371 resultados para Patient transfer
Resumo:
Patient satisfaction with foodservices is multidimensional. It is well recognised that food and other aspects of foodservice delivery are important elements of patients overall perception of the hospital experience. This study aimed to determine whether menu changes in 2008 at an acute private hospital, considered negative by the dietetic staff, would affect patient satisfaction with the foodservice. Changes to the menu, secondary to the refurbishment of the foodservice facilities decreased the number of choices at breakfast from six to four, and altered the dessert menu to include a larger proportion of commercially produced products. The Acute Care Hospital Foodservice Patient Satisfaction Questionnaire (ACHFPSQ) was utilised to assess patient satisfaction with the menu changes, as it has proven accuracy and reliability in measuring patient satisfaction.
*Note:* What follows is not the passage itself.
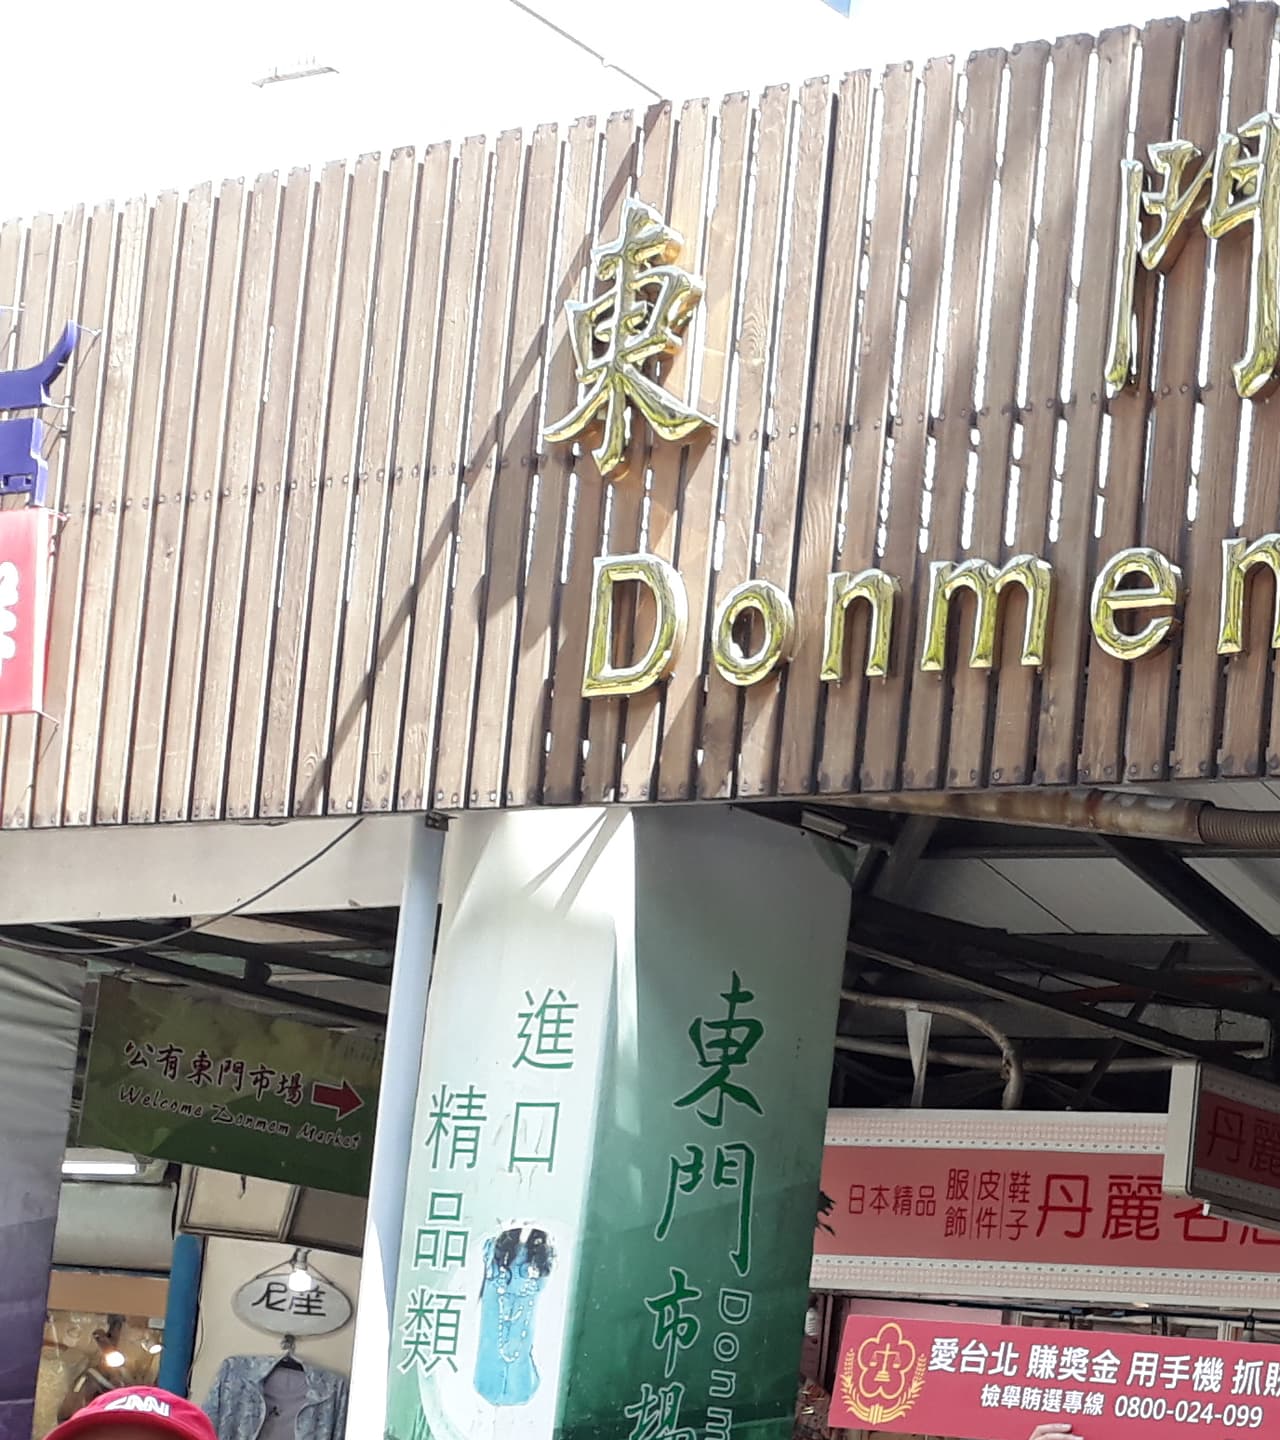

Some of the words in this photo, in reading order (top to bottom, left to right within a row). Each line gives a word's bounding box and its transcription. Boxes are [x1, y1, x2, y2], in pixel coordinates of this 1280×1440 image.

Results of the survey (n=306) were compared to data with previous ACHFPSQ surveys conducted annually since 2003. Data analysed included overall foodservice satisfaction and four dimensions of foodservice satisfaction: food quality, meal service quality, staff/service issues and the physical environment. Satisfaction targets were set at 4 (scale 1–5) for each foodservice dimension. Analysis showed that despite changes to the menu, overall foodservice satisfaction rated high, with a score of 4.3. Eighty-six percent of patients rated the foodservice as either ‘very good’ or ‘good’. The four foodservice dimensions were rated highly (4.2–4.8). Findings were consistent with previous survey results, demonstrating a high level of patient satisfaction across all dimensions of the foodservice, despite changes to the menu. The annual ACHFPSQ was of value to this practice question.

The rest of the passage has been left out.